Vicente Sandoval, Benjamin Wisner, and Martin Voss
The governance of natural hazards in Chile involves how different actors participate in all stages of managing natural hazards and their impacts. This includes monitoring and early warning systems and response to the most significant hazardous events in the country: earthquakes, tsunamis, volcanic eruptions, hydrological and meteorological events, and wildfires. Other general processes, such as disaster recovery, disaster risk reduction (DRR), and political economy and socioenvironmental processes of disaster risk creation are fundamental to understanding the complexity of natural hazard governance. Chile has a long history of disasters linked to its geographical and climatological diversity as well as its history and development path. The country has made significant advances toward an effective disaster risk management (DRM) system, which is backed up by sophisticated monitoring systems for earthquakes, tsunamis, volcanic eruptions, hydro- and meteorological events, and wildfires.
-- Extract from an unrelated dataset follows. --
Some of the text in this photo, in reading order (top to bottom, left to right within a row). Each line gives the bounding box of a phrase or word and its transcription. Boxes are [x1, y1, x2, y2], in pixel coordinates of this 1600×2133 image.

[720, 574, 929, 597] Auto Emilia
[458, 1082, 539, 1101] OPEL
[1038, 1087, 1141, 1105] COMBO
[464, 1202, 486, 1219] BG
These technical advances are integrated with disaster response mechanisms that include trained personnel, regulatory frameworks, institutions, and other actors, all under the direction of the National Emergency Office. The Chilean mode of DRM and DRR is characterized by a centralized, top-down approach that limits the opportunities for community organizations to participate in discussions of DRR and decision-making. It also centralizes planning of post-disaster processes such as reconstruction. Likewise, the dominant politico-economic model of Chile is neoliberalism. This development path has reproduced the root causes of disaster vulnerability through socioeconomic inequalities as well as poorly regulated urbanization and the practices of extractive industries. This has created numerous socioenvironmental conflicts throughout the Chilean territory with sometimes hazardous effects on local communities, especially indigenous groups. The governance of hazards and risk reduction in Chile still has a long way to go to secure the country’s path to sustainable human development.